Negli ultimi anni, oltre a constatare una rarefazione dei titoli riproposti o disponibili, suscitano perplessità anche le scelte operate dagli addetti ai lavori; è il caso, per esempio, di Umilissime scuse [27], un pamphlet che Papini scrisse insieme a Domenico Giuliotti per reagire alle critiche che colpirono la pubblicazione di quel Dizionario dell’Uomo Selvatico scritto all’indomani della conversione e fermatosi al primo volume (A-B) [28]. La pubblicazione di questa appassionata difesa, non accompagnata dalla ripubblicazione del Dizionario, riduce il tutto a un’operazione di mera curiosità e a piccola operazione di bibliofilia (nel volume sono riprodotte alcune pagine del manoscritto originale) che non va certo a interessare chi non conosce Papini. Nell’introduzione, ancora di Carlo Bo, il leit-motiv della critica su Papini non cambia, ma sono forse rese più esplicite le ragioni del silenzio attorno alla sua figura: Papini e Giuliotti sono "due scrittori oggi ingiustamente dimenticati e per i quali non è ancora venuta l’ora della resurrezione… Soprattutto per Papini il silenzio è andato crescendo dopo la sua morte… soprattutto per ragioni politiche" [29].

L’ultimo titolo proposto in ordine di tempo è Il sacco dell’orco [30], libro che ancora una volta passa di gran carriera nelle librerie italiane scomparendo dagli scaffali con scoraggiante rapidità. Ci si interroga, oltre che sulle ovvie difficoltà di distribuzione e visibilità dei piccoli editori, anche su chi è responsabile di certe scelte che vanno a privilegiare un’opera che Papini considerava "un libretto", di cui si accontentava che non fosse "plumbeo" [31]. E, se pure Ridolfi trovava "accanto a bricciche di poco conto, anche frammenti bellissimi" [32], non sembra possa trattarsi del libro adatto a suscitare interesse nel lettore odierno. Rimane che, se si esclude la pubblicazione di alcuni epistolari, questo sia l’ultimo titolo di Papini uscito in libreria.
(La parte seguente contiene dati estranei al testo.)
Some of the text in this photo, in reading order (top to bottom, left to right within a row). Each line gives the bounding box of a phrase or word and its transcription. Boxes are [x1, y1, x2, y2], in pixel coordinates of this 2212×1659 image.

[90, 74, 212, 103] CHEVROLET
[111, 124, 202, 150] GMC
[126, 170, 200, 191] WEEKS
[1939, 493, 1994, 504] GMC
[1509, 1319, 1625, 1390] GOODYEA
Così oggi Vannicelli può ripetere ancora una volta che il purgatorio di Papini è finito ma non può non prendere atto che "pochissimi sono i suoi volumi disponibili in commercio" [33]. Rimane dunque inattuabile l’invito alla lettura di Mircea Eliade [34] che negli anni Trenta poteva lodare l’editore Vallecchi per l’"elegante e anche economica" [35] edizione di tutte le opere papiniane. Oggi ai lettori di Papini è richiesto uno sforzo supplementare, quello di cercare le sue opere nelle biblioteche o nelle librerie antiquarie, in attesa che qualche editore non si convinca a seguire gli inviti degli ultimi critici e possa permettere così di "conoscere un po’ meglio quel complicato e mutevole essere conosciuto col nome di Giovanni Papini" [36].

Antonio D'Amicis


[1] Andrea Vannicelli, La tentazione del racconto: le novelle del primo Papini tra simbolismo e futurismo (1894-1914), Firenze, Cesati, 2004. È possibile leggerne la presentazione sul sito dedicato a Giovanni Papini, www.giovannipapini.it nella sezione "Opere su Papini".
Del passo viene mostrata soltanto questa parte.